Cristovam Buarque se filiar ao PPS

Depois de três horas na tribuna, conclui há pouco o meu discurso em que oficializei a minha saída do PDT e o meu ingresso no PPS. Disse, entre outras coisas, que a mudança foi antes de tudo uma decisão na direção de não me acomodar num momento em que o Brasil passa por uma grave crise política, ética e econômica. Mudo – tive oportunidade de discursar - para continuar defendendo minhas bandeiras, a bandeira da educação, e creio que vou estar num bom lugar para isso, com muita esperança. Espero que, com os 72 anos que eu já posso dizer que tenho, eu não precise tentar, mas não hesitarei em tentar, enquanto eu for capaz de não desistir e de não me acomodar. Dois verbos malditos para quem quer continuar vivo: desistir e acomodar-se. Agradeci a acolhida que o PPS me deu, inclusive com a presença de vários parlamentares do partido no plenário, e fiquei bastante emocionado e honrado com as manifestações de reconhecimento pelo trabalho, pela minha luta em defesa da educação pública. Eu pude dizer também que a vinda para o PPS tem diversas razões. Uma delas, eu não posso negar, é esse lado emocional de uma amizade mais de cinquenta anos, de um companheirismo permanente, apesar de nunca no mesmo Partido.
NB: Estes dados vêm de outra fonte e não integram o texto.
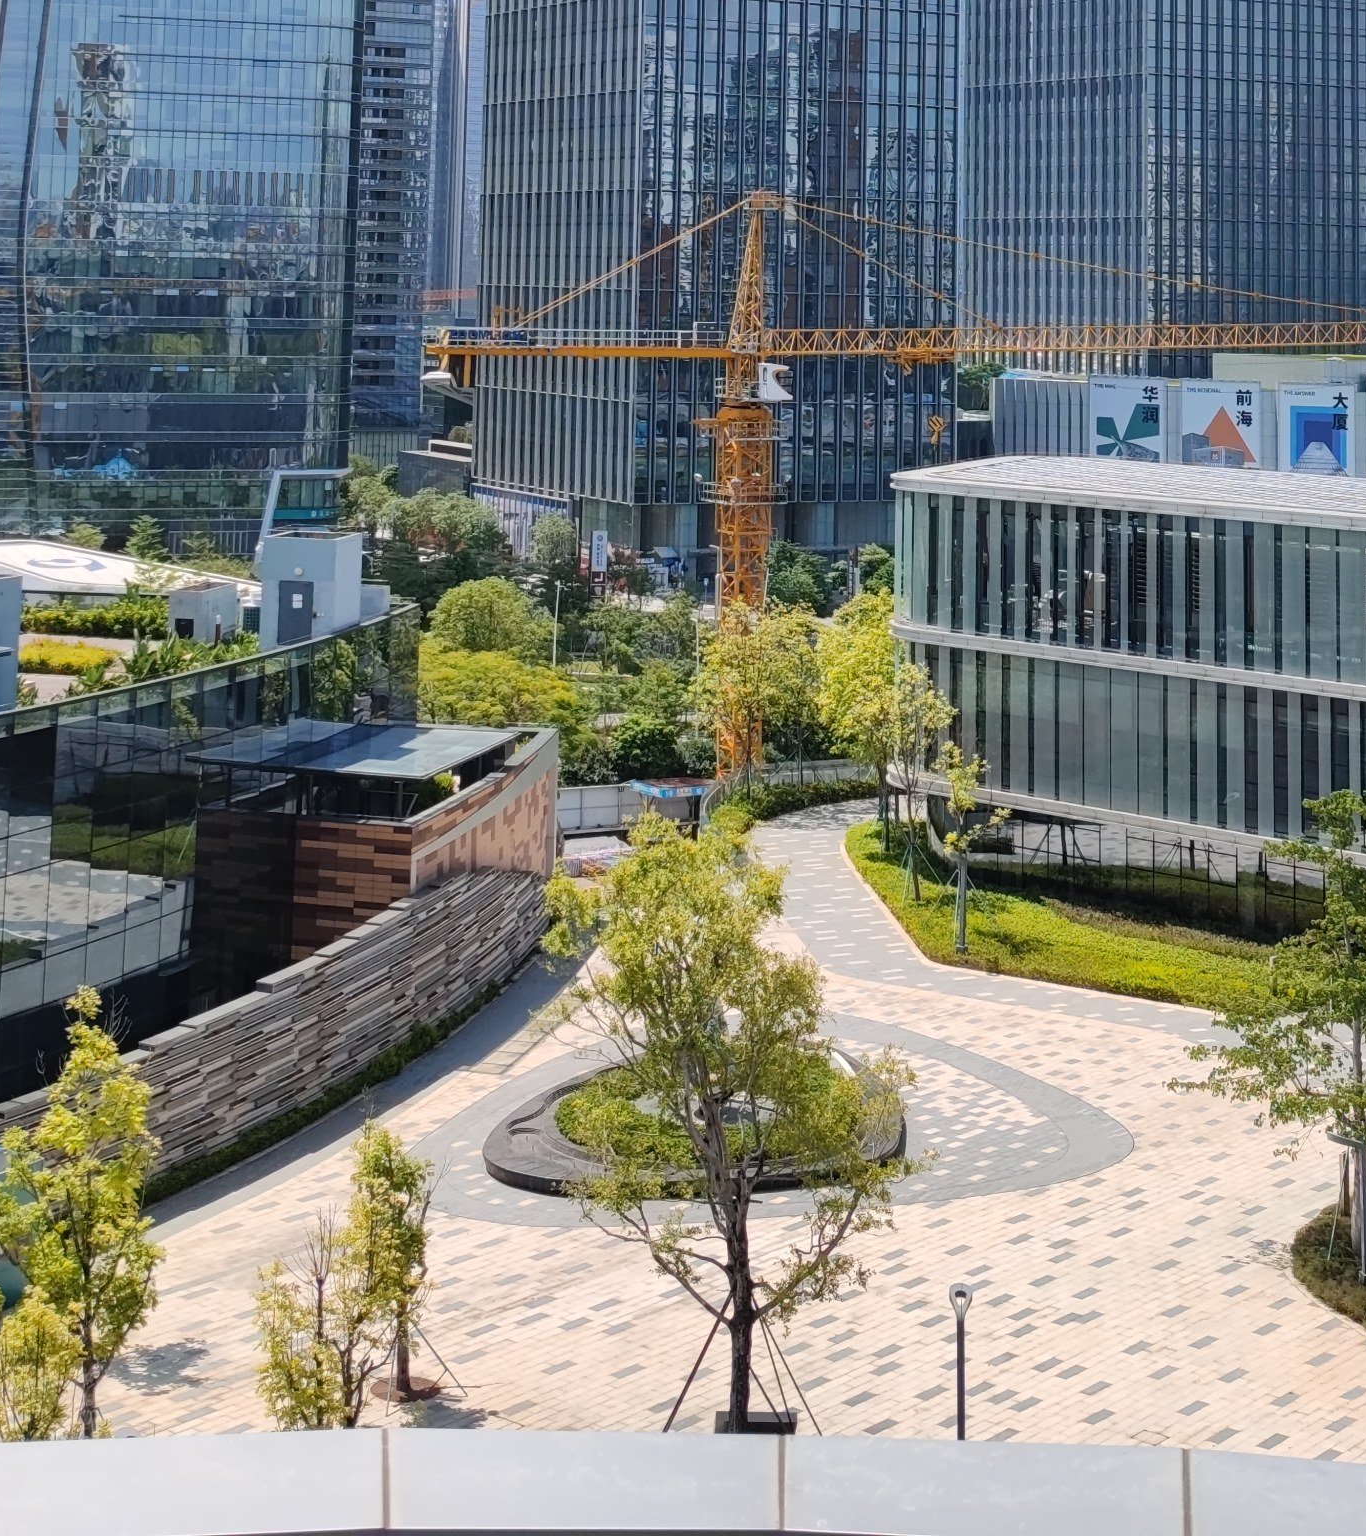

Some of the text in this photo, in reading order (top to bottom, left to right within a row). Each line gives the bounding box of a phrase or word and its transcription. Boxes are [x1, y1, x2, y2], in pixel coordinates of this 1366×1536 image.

[1141, 385, 1160, 424] 华润
[1236, 389, 1253, 428] 前海
[1332, 392, 1350, 431] 大厦
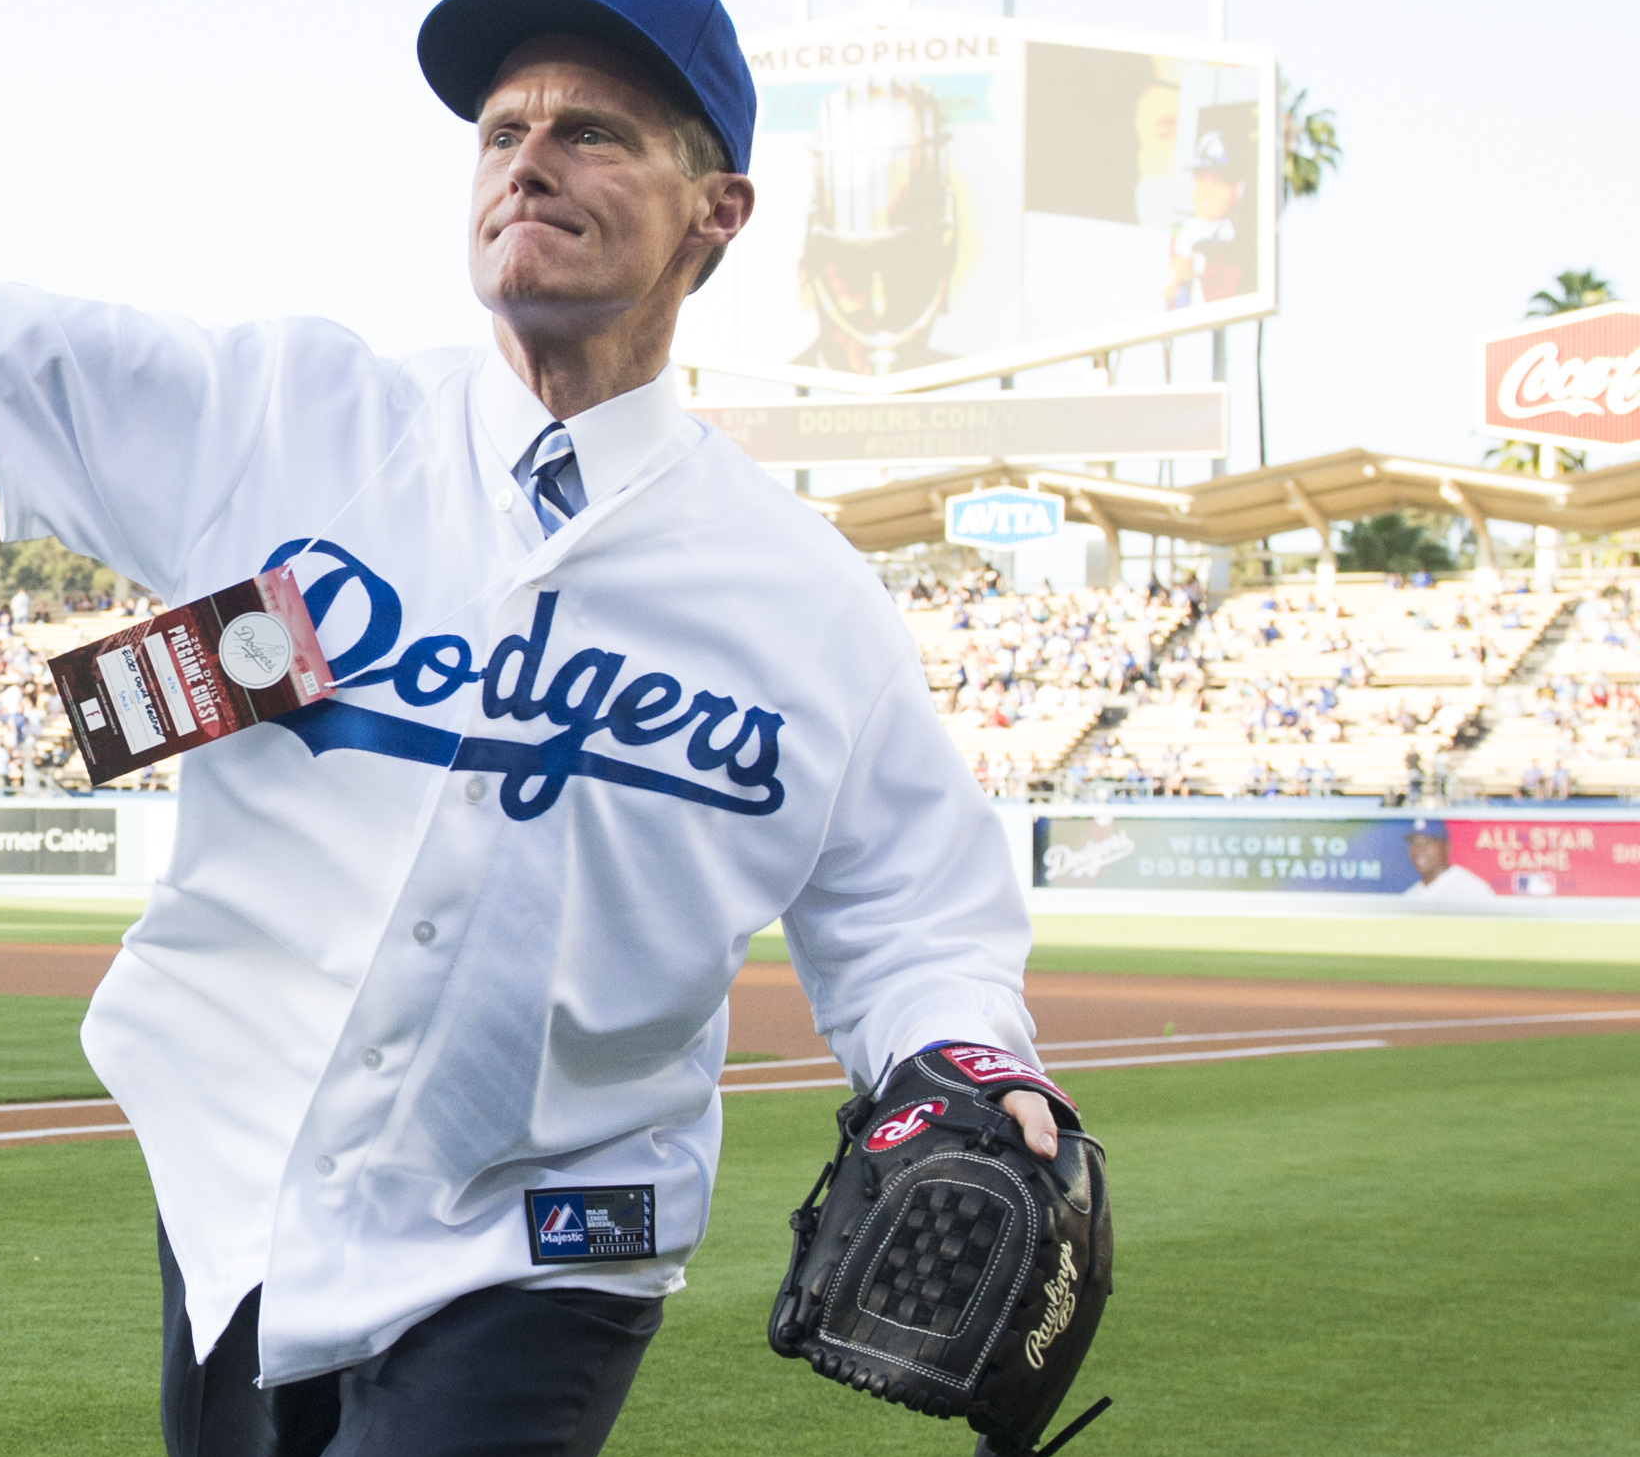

Quando ele era do Partido Comunista, cuja história eu respeitava e respeito até hoje, eu era da esquerda católica, da Ação Popular. Mas essa relação pesa. Mas não é só isso. Amizade é para ter amigos; companheirismo de Partido é para ter a mesma bandeira. O que me atrai hoje é a possibilidade que o ex-Senador e atual Deputado Roberto Freire oferece de juntos, inclusive com a possibilidade de um Congresso extraordinário no próximo ano, trabalharmos um projeto claro e alternativo para o Brasil e um projeto claro e alternativo para um Partido que sirva ao novo Brasil desse novo tempo. Fico feliz também e com a certeza de que, pelas manifestações de apreço, deixo amigos no PDT, partido pelo qual militei durante dez anos.